== Exercise materials ==

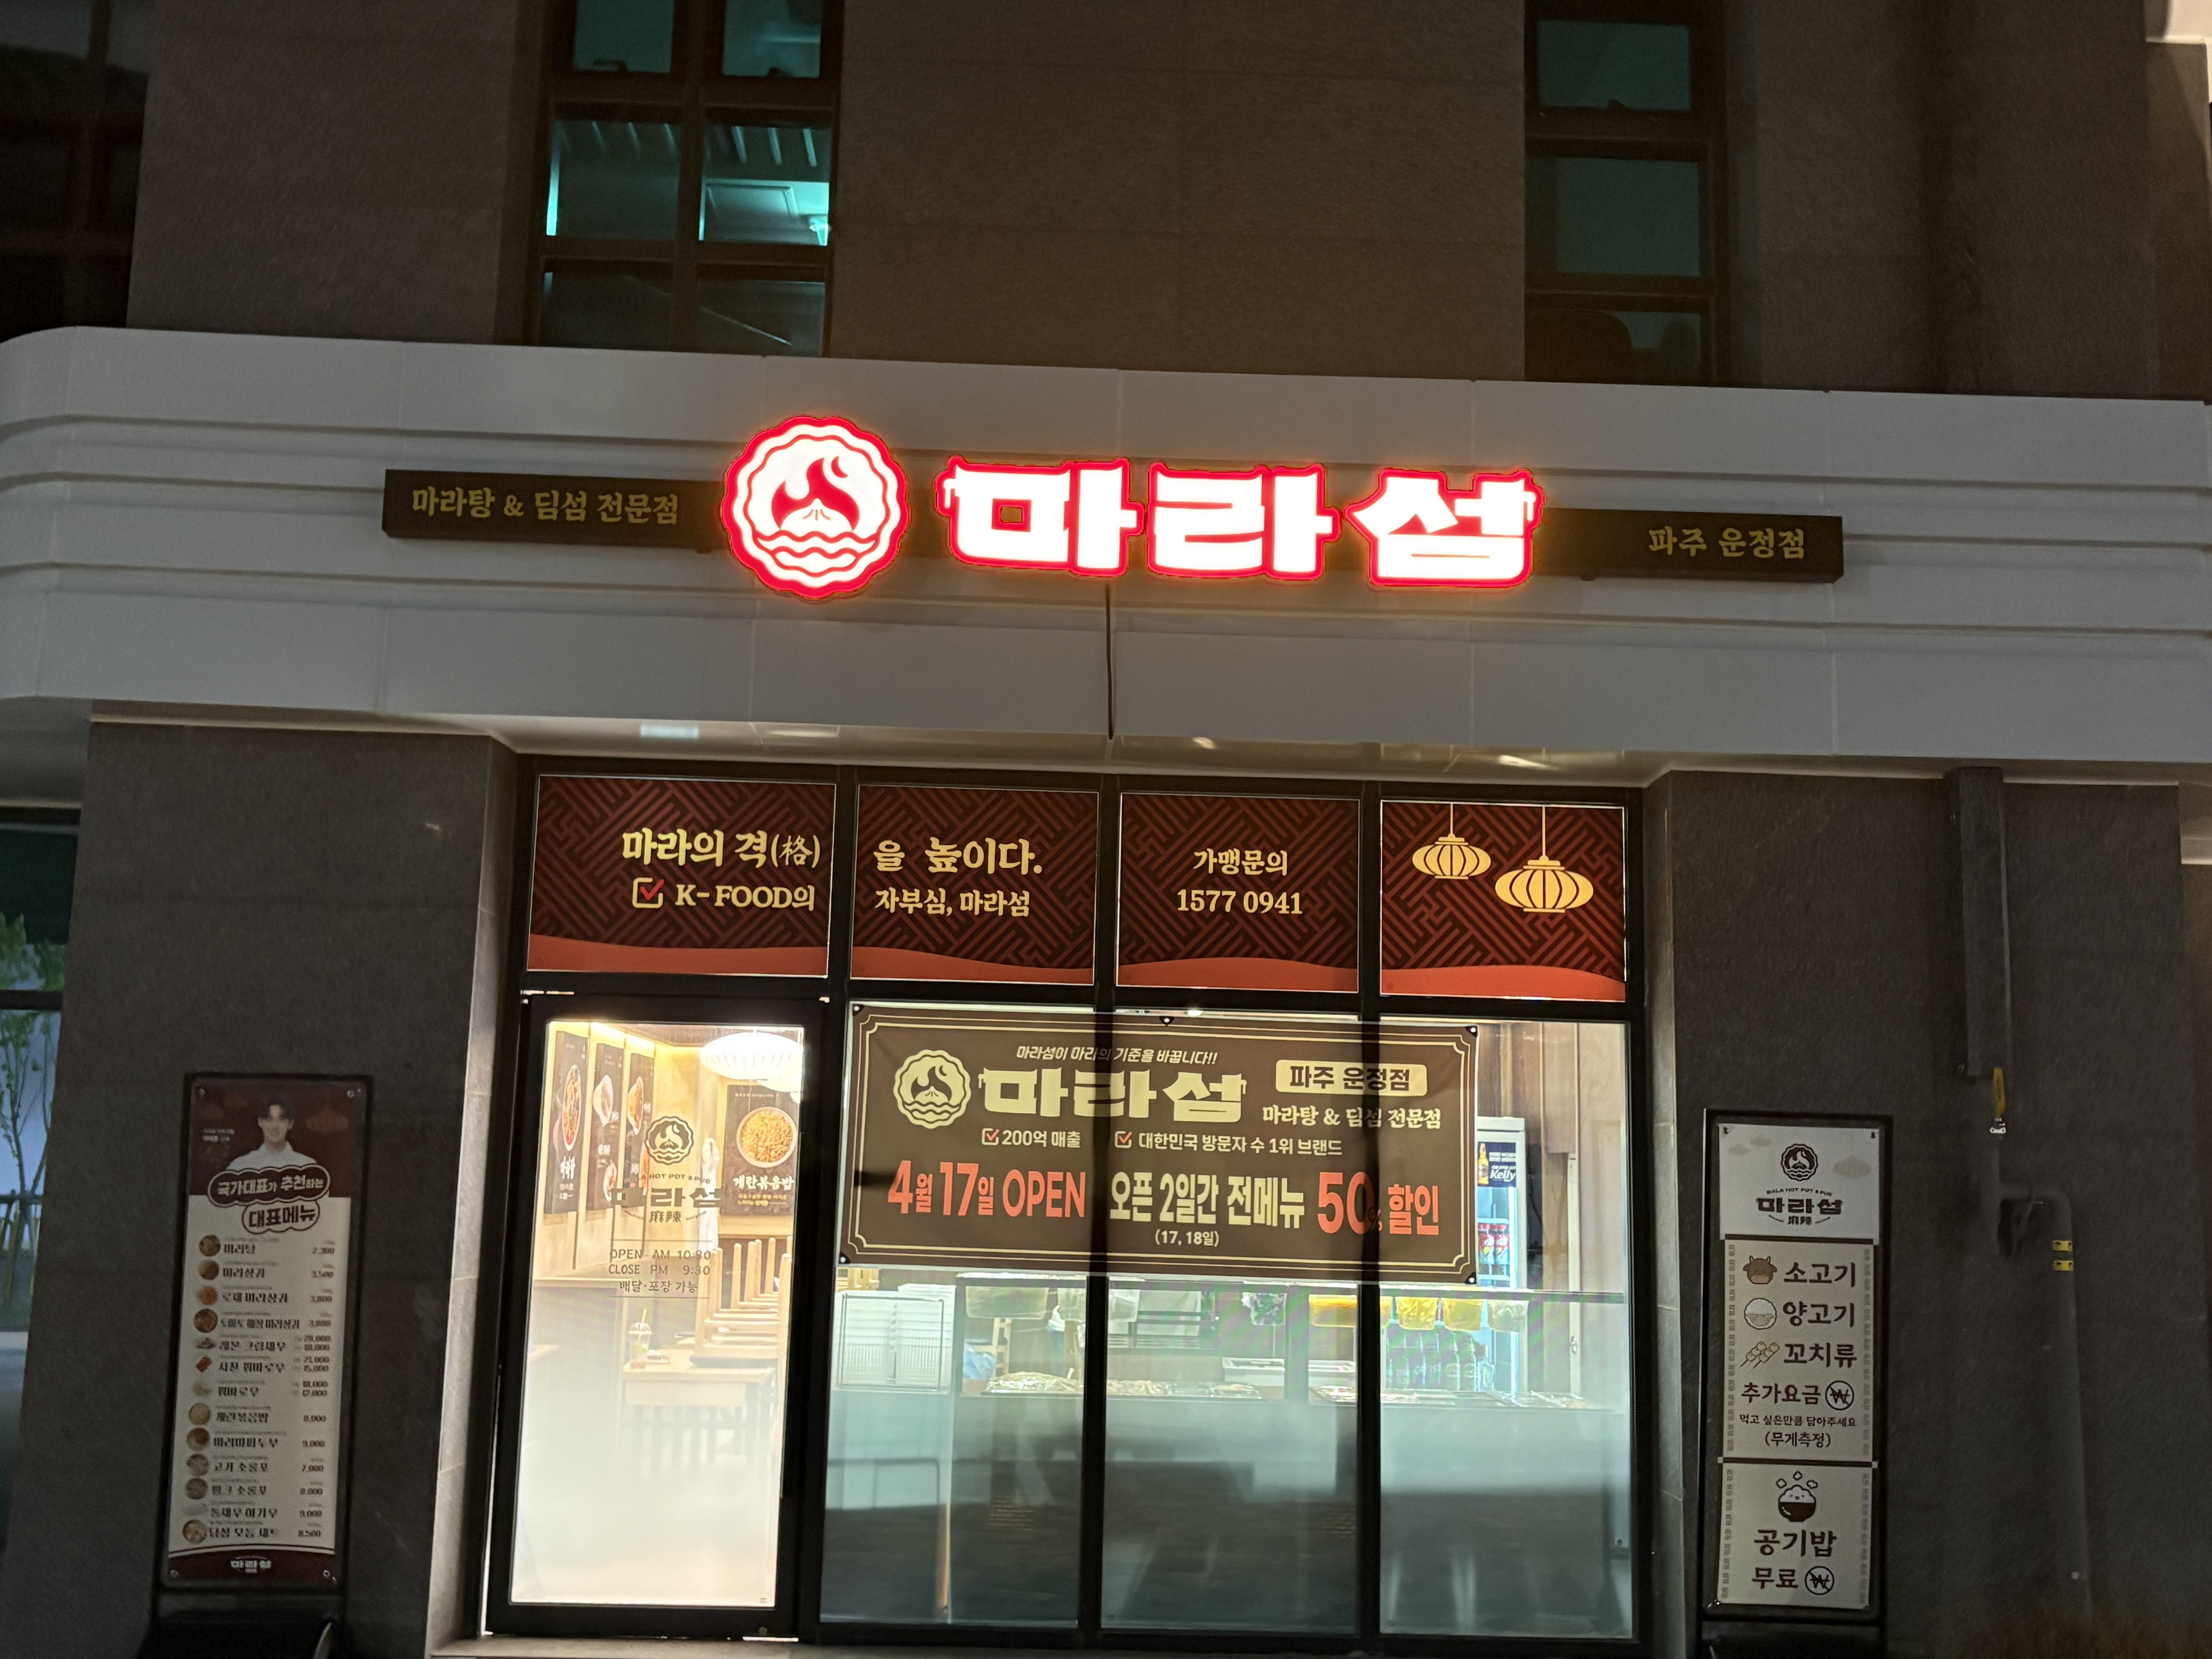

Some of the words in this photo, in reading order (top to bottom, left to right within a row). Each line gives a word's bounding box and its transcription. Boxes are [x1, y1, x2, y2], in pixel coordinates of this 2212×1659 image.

[412, 486, 495, 519] 마라탕
[503, 495, 524, 517] &
[534, 490, 587, 522] 딤섬
[597, 492, 678, 525] 전문점
[941, 457, 1540, 583] 마라섬
[1649, 526, 1707, 557] 파주
[1718, 527, 1805, 559] 운정점
[622, 827, 724, 867] 마라의
[734, 830, 820, 868] 격(格)
[873, 840, 905, 872] 을
[924, 836, 1042, 875] 높이다.
[1193, 848, 1288, 876] 가맹문의
[874, 887, 953, 917] 자부심,
[959, 889, 1030, 917] 마라섬
[1177, 889, 1236, 912] 1577
[1243, 891, 1303, 914] 0941
[1016, 1046, 1068, 1061] 마라섬이
[1070, 1046, 1112, 1061] 마라의
[1113, 1048, 1154, 1062] 기준을
[1156, 1051, 1218, 1065] 바꿉니다!!
[1290, 1065, 1334, 1089] 파주
[1343, 1067, 1410, 1092] 운정점
[978, 1067, 1247, 1122] 마라섬
[1262, 1104, 1319, 1126] 마라탕
[1323, 1108, 1341, 1126] &
[1345, 1107, 1382, 1128] 딤섬
[1388, 1107, 1441, 1129] 전문점
[1001, 1129, 1047, 1147] 200억
[1051, 1131, 1081, 1148] 매출
[1138, 1132, 1198, 1151] 대한민국
[1202, 1134, 1247, 1152] 방문자
[1250, 1137, 1265, 1154] 수
[1269, 1138, 1293, 1154] 1위
[1297, 1139, 1343, 1156] 브랜드
[218, 1178, 276, 1197] 국가대표가
[280, 1174, 324, 1191] 추천하는
[733, 1174, 795, 1191] 계란볶음밥
[1490, 1169, 1516, 1182] Kelly
[887, 1160, 933, 1214] 4월
[939, 1162, 994, 1216] 17일
[1002, 1169, 1086, 1218] OPEN
[1109, 1171, 1153, 1222] 오픈
[1159, 1173, 1219, 1224] 2일간
[1227, 1176, 1305, 1229] 전메뉴
[1388, 1183, 1439, 1236] 할인
[1756, 1197, 1843, 1215] 마라섬
[249, 1205, 315, 1228] 대표메뉴
[1155, 1228, 1182, 1246] (17,
[1186, 1230, 1219, 1247] 18일)
[611, 1249, 642, 1259] OPEN
[652, 1249, 670, 1259] AM
[677, 1250, 711, 1260] 10:30
[608, 1264, 641, 1274] CLOSE
[650, 1265, 668, 1275] PM
[683, 1265, 710, 1276] 9:30
[1783, 1262, 1856, 1287] 소고기
[675, 1281, 698, 1294] 가능
[1783, 1301, 1855, 1328] 양고기
[1783, 1342, 1857, 1369] 꼬치류
[1741, 1382, 1822, 1405] 추가요금
[1740, 1414, 1760, 1424] 먹고
[1806, 1416, 1857, 1427] 담아주세요
[1765, 1431, 1831, 1448] (무게측정)
[1754, 1529, 1837, 1557] 공기밥
[1752, 1567, 1799, 1589] 무료

===

If any image appears in the entries, omit it and return the rest verbatim.

◆ Result of the exercise ◆
Some of the words in this photo, in reading order (top to bottom, left to right within a row). Each line gives a word's bounding box and its transcription. Boxes are [x1, y1, x2, y2], in pixel coordinates of this 2212×1659 image.

[412, 486, 495, 519] 마라탕
[503, 495, 524, 517] &
[534, 490, 587, 522] 딤섬
[597, 492, 678, 525] 전문점
[941, 457, 1540, 583] 마라섬
[1649, 526, 1707, 557] 파주
[1718, 527, 1805, 559] 운정점
[622, 827, 724, 867] 마라의
[734, 830, 820, 868] 격(格)
[873, 840, 905, 872] 을
[924, 836, 1042, 875] 높이다.
[1193, 848, 1288, 876] 가맹문의
[874, 887, 953, 917] 자부심,
[959, 889, 1030, 917] 마라섬
[1177, 889, 1236, 912] 1577
[1243, 891, 1303, 914] 0941
[1016, 1046, 1068, 1061] 마라섬이
[1070, 1046, 1112, 1061] 마라의
[1113, 1048, 1154, 1062] 기준을
[1156, 1051, 1218, 1065] 바꿉니다!!
[1290, 1065, 1334, 1089] 파주
[1343, 1067, 1410, 1092] 운정점
[978, 1067, 1247, 1122] 마라섬
[1262, 1104, 1319, 1126] 마라탕
[1323, 1108, 1341, 1126] &
[1345, 1107, 1382, 1128] 딤섬
[1388, 1107, 1441, 1129] 전문점
[1001, 1129, 1047, 1147] 200억
[1051, 1131, 1081, 1148] 매출
[1138, 1132, 1198, 1151] 대한민국
[1202, 1134, 1247, 1152] 방문자
[1250, 1137, 1265, 1154] 수
[1269, 1138, 1293, 1154] 1위
[1297, 1139, 1343, 1156] 브랜드
[218, 1178, 276, 1197] 국가대표가
[280, 1174, 324, 1191] 추천하는
[733, 1174, 795, 1191] 계란볶음밥
[1490, 1169, 1516, 1182] Kelly
[887, 1160, 933, 1214] 4월
[939, 1162, 994, 1216] 17일
[1002, 1169, 1086, 1218] OPEN
[1109, 1171, 1153, 1222] 오픈
[1159, 1173, 1219, 1224] 2일간
[1227, 1176, 1305, 1229] 전메뉴
[1388, 1183, 1439, 1236] 할인
[1756, 1197, 1843, 1215] 마라섬
[249, 1205, 315, 1228] 대표메뉴
[1155, 1228, 1182, 1246] (17,
[1186, 1230, 1219, 1247] 18일)
[611, 1249, 642, 1259] OPEN
[652, 1249, 670, 1259] AM
[677, 1250, 711, 1260] 10:30
[608, 1264, 641, 1274] CLOSE
[650, 1265, 668, 1275] PM
[683, 1265, 710, 1276] 9:30
[1783, 1262, 1856, 1287] 소고기
[675, 1281, 698, 1294] 가능
[1783, 1301, 1855, 1328] 양고기
[1783, 1342, 1857, 1369] 꼬치류
[1741, 1382, 1822, 1405] 추가요금
[1740, 1414, 1760, 1424] 먹고
[1806, 1416, 1857, 1427] 담아주세요
[1765, 1431, 1831, 1448] (무게측정)
[1754, 1529, 1837, 1557] 공기밥
[1752, 1567, 1799, 1589] 무료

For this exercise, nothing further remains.